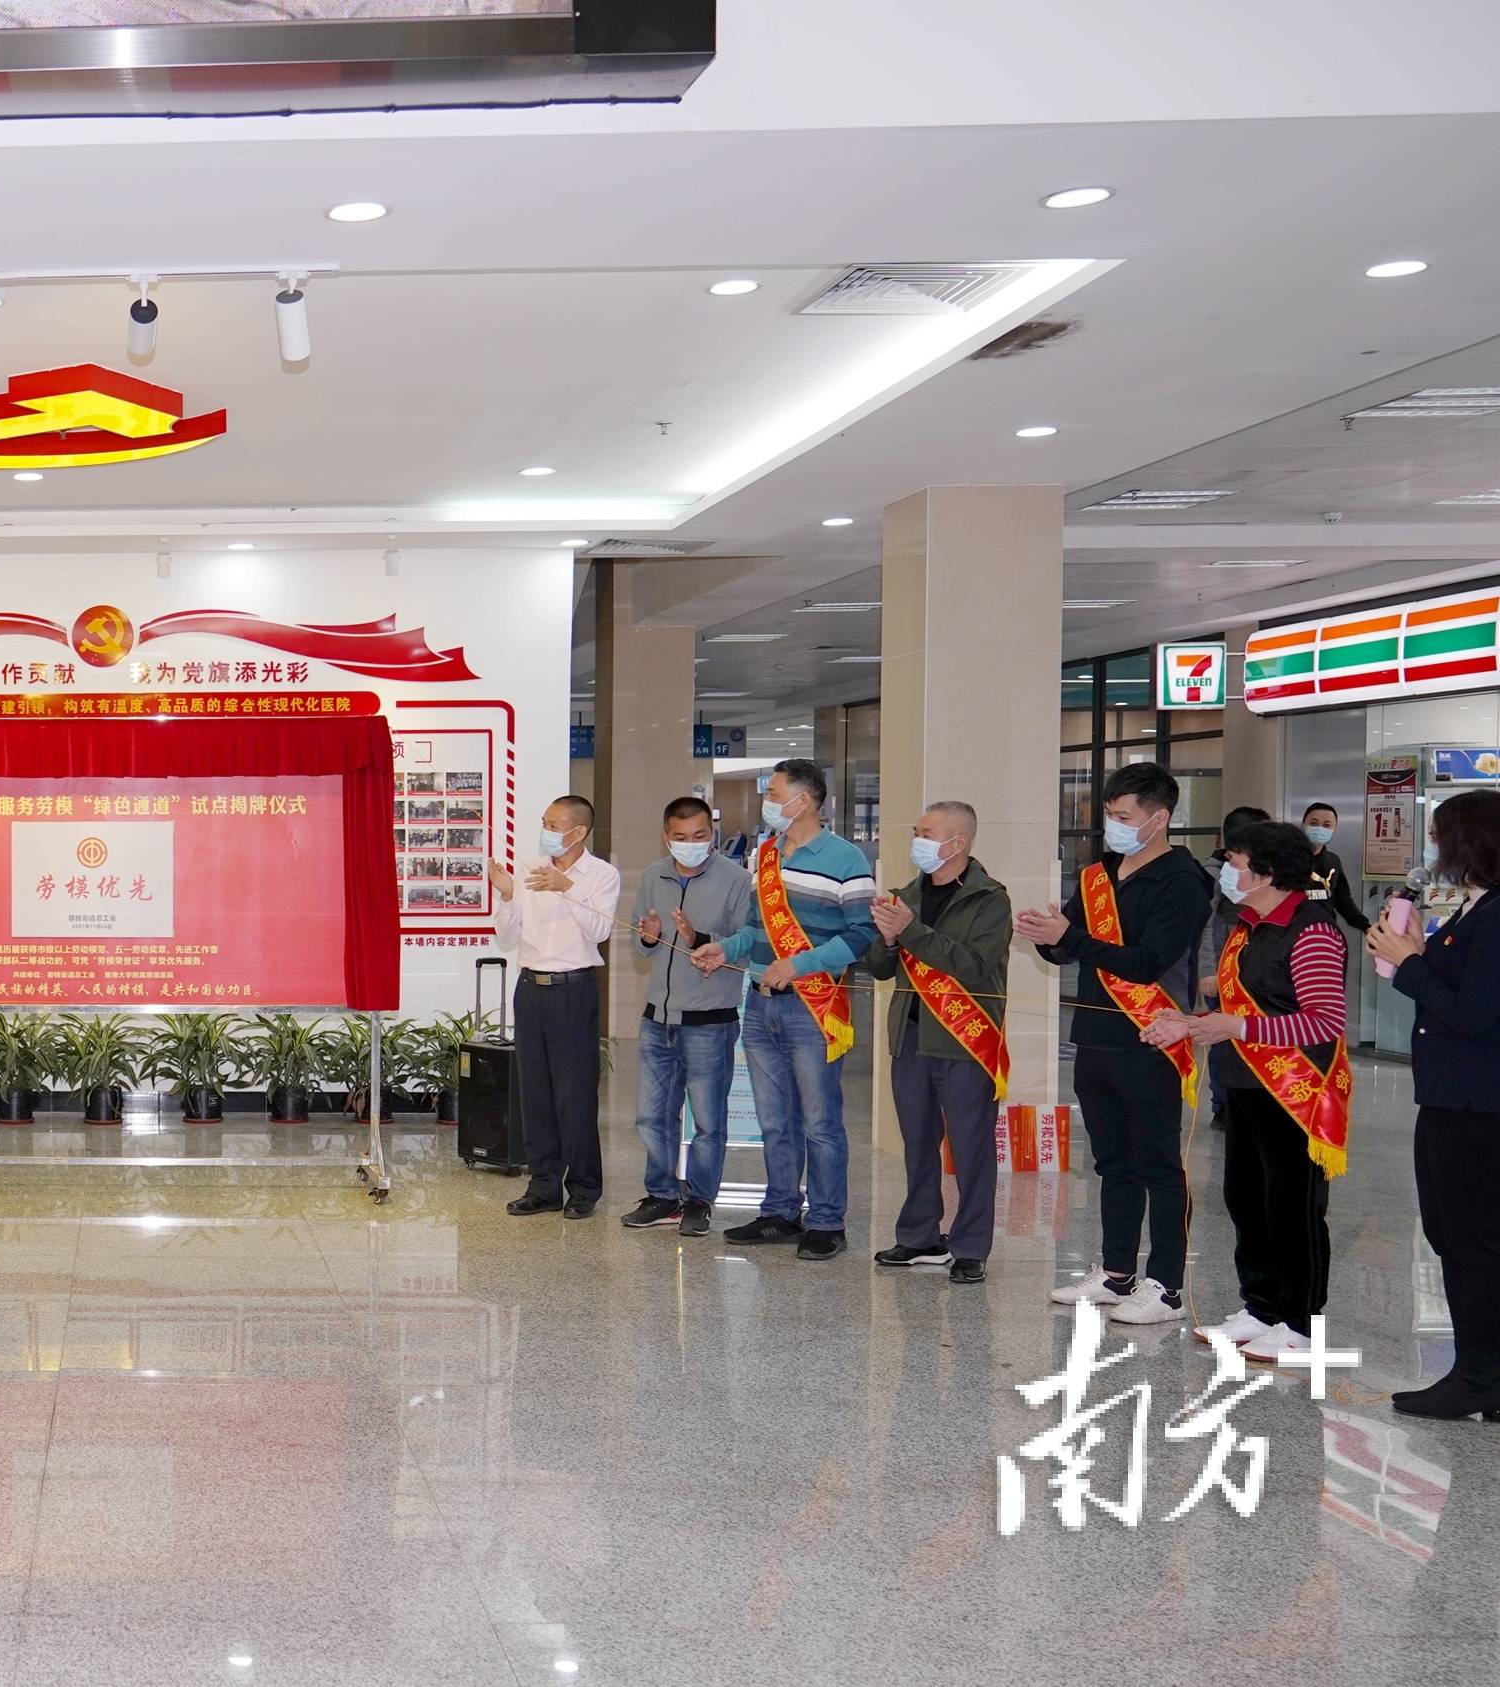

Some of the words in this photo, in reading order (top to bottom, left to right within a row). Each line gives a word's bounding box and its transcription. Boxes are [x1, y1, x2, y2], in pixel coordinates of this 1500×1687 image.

[129, 660, 309, 684] 我为党旗添光彩
[36, 873, 153, 902] 劳模优先
[904, 950, 988, 1038] 模范致敬
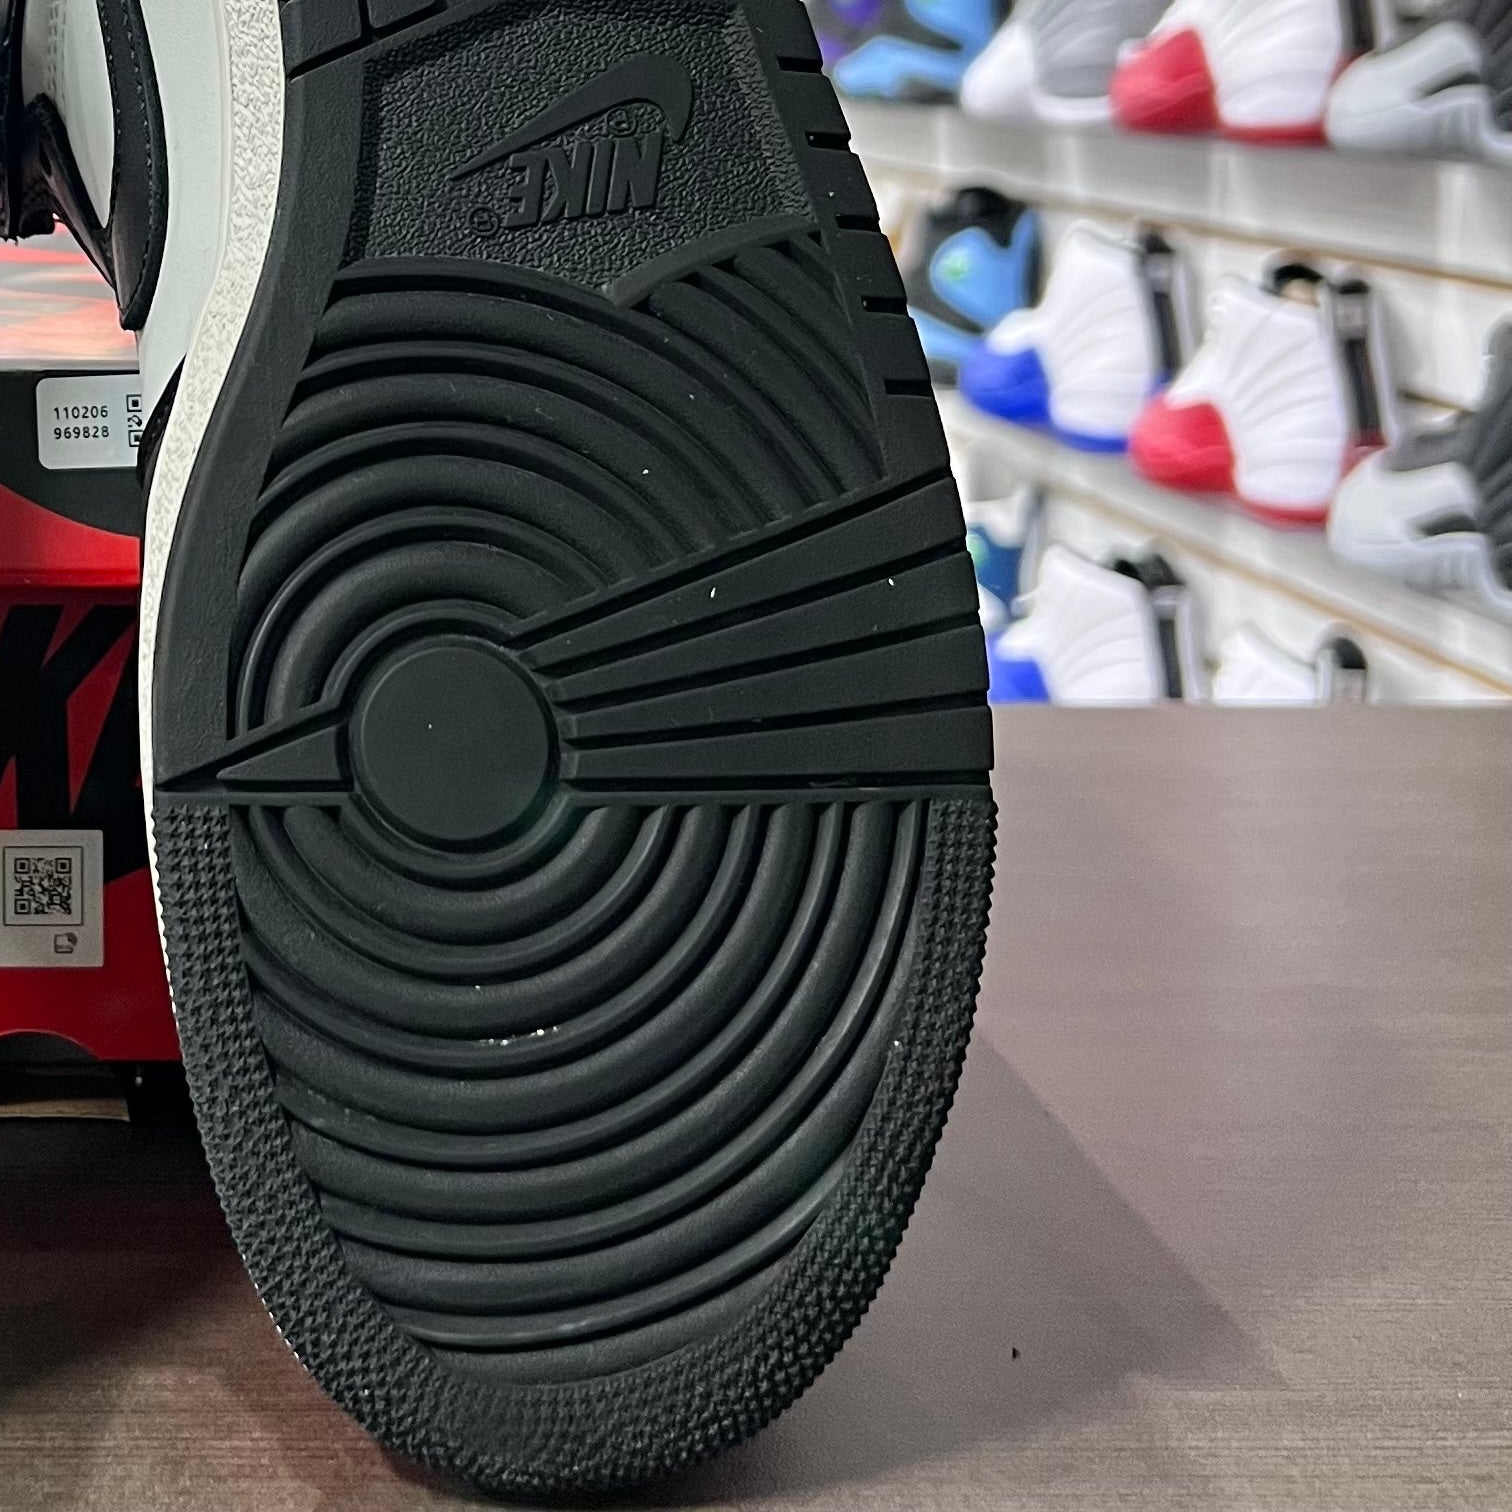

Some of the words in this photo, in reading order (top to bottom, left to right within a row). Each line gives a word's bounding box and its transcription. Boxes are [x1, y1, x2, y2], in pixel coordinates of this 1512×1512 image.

[500, 131, 665, 230] NIKE
[52, 404, 109, 420] 110206
[53, 425, 110, 440] 969828
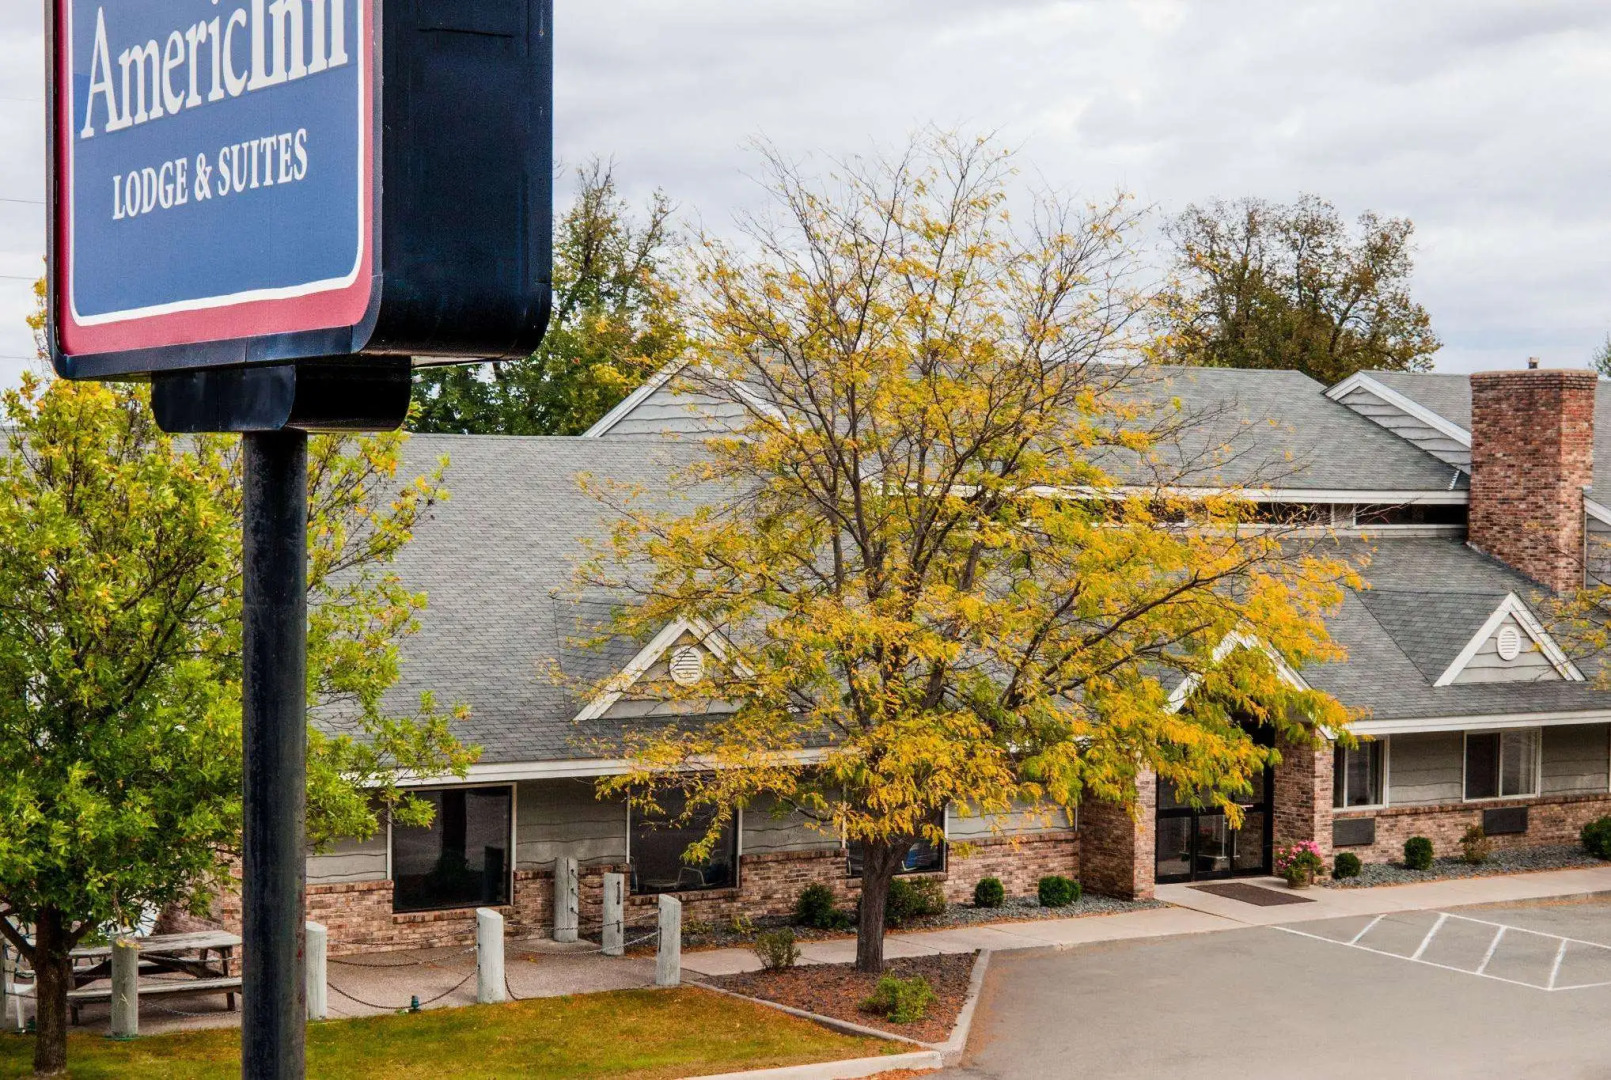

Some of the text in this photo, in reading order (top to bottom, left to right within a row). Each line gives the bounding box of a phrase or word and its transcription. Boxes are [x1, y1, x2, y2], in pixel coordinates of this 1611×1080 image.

[80, 0, 348, 139] AmericInn
[112, 128, 308, 220] LODGE & SUITES

TASK INSTRUCTIONS
Drop the pictures, then write out everything else in the records exactly.

TASK ANSWER
Some of the words in this photo, in reading order (top to bottom, left to right within a row). Each line gives a word's bounding box and its transcription. Boxes are [x1, y1, x2, y2], in pixel coordinates of this 1500×1687 image.

[129, 660, 309, 684] 我为党旗添光彩
[36, 873, 153, 902] 劳模优先
[904, 950, 988, 1038] 模范致敬

Some of the words in this photo, in reading order (top to bottom, left to right within a row). Each line gives a word's bounding box and its transcription. Boxes are [x1, y1, x2, y2], in pixel coordinates of this 1512×1512 image.

[500, 131, 665, 230] NIKE
[52, 404, 109, 420] 110206
[53, 425, 110, 440] 969828

Some of the text in this photo, in reading order (top to bottom, left to right within a row). Each line gives the bounding box of a phrase or word and its transcription. Boxes are [x1, y1, x2, y2], in pixel coordinates of this 1611×1080 image.

[80, 0, 348, 139] AmericInn
[112, 128, 308, 220] LODGE & SUITES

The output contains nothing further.